Sécurité globale, Université : la macronie réduit encore nos libertés

Deux lois liberticides sont à l’ordre du jour ce 17 novembre à l’Assemblée nationale. Tout d’abord, la loi dite de « Sécurité globale » vise l’interdiction de diffuser les images de policiers, la surveillance généralisée par drone ou encore la privatisation de la police. Ensuite, la loi de « programmation de la recherche » met quant à elle gravement en danger la liberté académique et la contestation à l’université. Ces deux lois portent gravement atteinte à la liberté d’informer. Le jour anniversaire du lancement du mouvement des gilets jaunes… tout un symbole. Des rassemblements ont lieu partout dans le pays aujourd’hui pour dénoncer ces graves remises en cause de nos libertés fondamentales.

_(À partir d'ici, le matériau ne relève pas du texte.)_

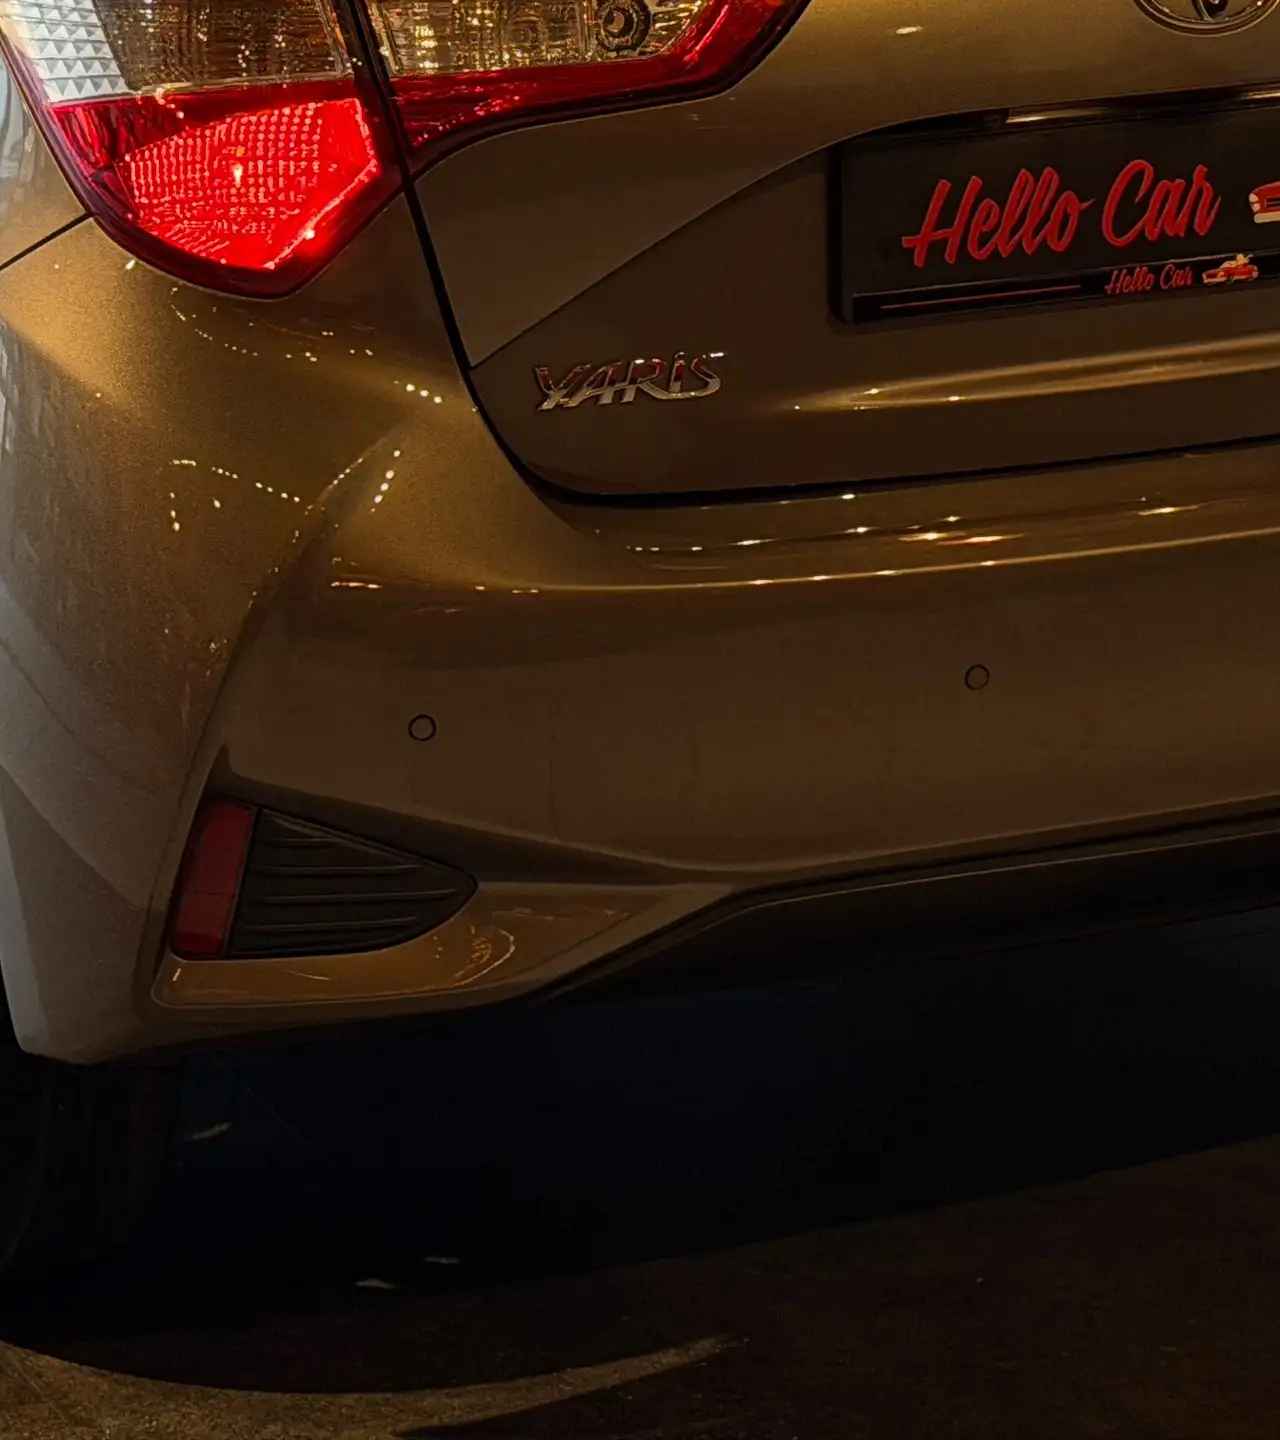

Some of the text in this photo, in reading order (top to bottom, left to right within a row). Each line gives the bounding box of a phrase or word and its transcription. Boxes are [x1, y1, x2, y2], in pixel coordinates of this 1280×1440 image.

[901, 159, 1221, 267] Hello Car
[1104, 263, 1194, 296] Hello Car
[534, 350, 726, 412] YARIS

Invisibiliser les violences policières en remettant en cause la liberté d’informer

Deux ans jour pour jour après le premier acte des gilets jaunes, le gouvernement a choisi de fêter l’anniversaire du lancement d’un des plus grands mouvements sociaux de notre histoire récente à sa façon. La loi dite de « Sécurité globale » arrive en débat à l’Assemblée nationale. Nous avions déjà alerté sur les dangers de cette loi liberticide à travers un entretien détaillé avec le député Ugo Bernalicis, spécialiste des questions de sécurité, ainsi qu’avec un édito de présentation de la loi, par Clémence Guetté, secrétaire générale du groupe parlementaire de la France insoumise à l’Assemblée nationale.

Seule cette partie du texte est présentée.